Welcome to Saratonin! I’m grateful you’re here.
I ought to introduce myself, right? Perhaps some basic facts will suffice. I’m a writer and actress with Type O+ blood. I am just under 5’3’ tall. My favorite type of coffee is 24-hour cold brew with nothing in it but ice, and maybe some spices. I love sharing things I like and promoting artists and causes that inspire me.
More about me: I work on nonprofit marketing campaigns. Last month, I produced a photoshoot in a warehouse with spectacular light. I grabbed the above shot in the crumbling bathroom.
Here is my Medium site, full of essays. I have a cat named Polly the Demon Queen. I have curly hair. I love flossing. I never grew wisdom teeth, but I’ve spent lots of time at the dentist because my people tend to get cavities.
Here is my Twitter account. I love washing and drying laundry, but not folding it or tucking it into drawers.
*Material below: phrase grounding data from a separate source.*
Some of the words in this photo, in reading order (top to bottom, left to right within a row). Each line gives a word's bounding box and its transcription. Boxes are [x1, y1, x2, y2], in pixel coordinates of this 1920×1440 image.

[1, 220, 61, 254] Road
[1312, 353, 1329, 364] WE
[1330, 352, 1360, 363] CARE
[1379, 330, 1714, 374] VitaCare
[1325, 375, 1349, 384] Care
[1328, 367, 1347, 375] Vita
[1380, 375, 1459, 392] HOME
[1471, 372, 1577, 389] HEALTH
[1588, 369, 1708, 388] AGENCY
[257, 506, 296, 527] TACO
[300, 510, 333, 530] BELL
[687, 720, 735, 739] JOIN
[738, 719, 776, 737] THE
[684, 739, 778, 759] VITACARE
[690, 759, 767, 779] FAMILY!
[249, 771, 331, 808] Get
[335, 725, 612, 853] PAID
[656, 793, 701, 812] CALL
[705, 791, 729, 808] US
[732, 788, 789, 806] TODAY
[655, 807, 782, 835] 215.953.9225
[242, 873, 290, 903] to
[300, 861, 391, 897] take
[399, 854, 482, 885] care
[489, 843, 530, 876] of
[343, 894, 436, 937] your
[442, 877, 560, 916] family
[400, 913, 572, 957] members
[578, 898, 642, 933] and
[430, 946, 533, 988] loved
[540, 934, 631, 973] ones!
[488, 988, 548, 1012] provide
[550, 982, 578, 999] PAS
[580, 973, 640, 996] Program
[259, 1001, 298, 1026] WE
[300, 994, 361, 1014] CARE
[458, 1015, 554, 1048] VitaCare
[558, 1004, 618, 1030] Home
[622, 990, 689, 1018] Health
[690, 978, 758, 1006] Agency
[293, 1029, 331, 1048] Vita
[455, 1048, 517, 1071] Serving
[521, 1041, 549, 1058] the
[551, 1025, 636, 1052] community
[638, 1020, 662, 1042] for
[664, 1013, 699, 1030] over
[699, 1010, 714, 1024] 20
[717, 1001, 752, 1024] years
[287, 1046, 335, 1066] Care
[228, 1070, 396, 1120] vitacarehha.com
I enjoy drying dishes, but not washing them or putting them in the cupboard. I’ve published four books, which are available on Bookshop and/or Amazon and other sites.
Here is my Instagram. I want to publish a book of essays. I want to adapt another one of my books for TV or film. I want to get better at putting laundry away. I want to exercise consistently for several months in a row. Like two.
I will recommend audiobooks a lot. Like, a lot a lot. Not in this issue, because I restrained myself.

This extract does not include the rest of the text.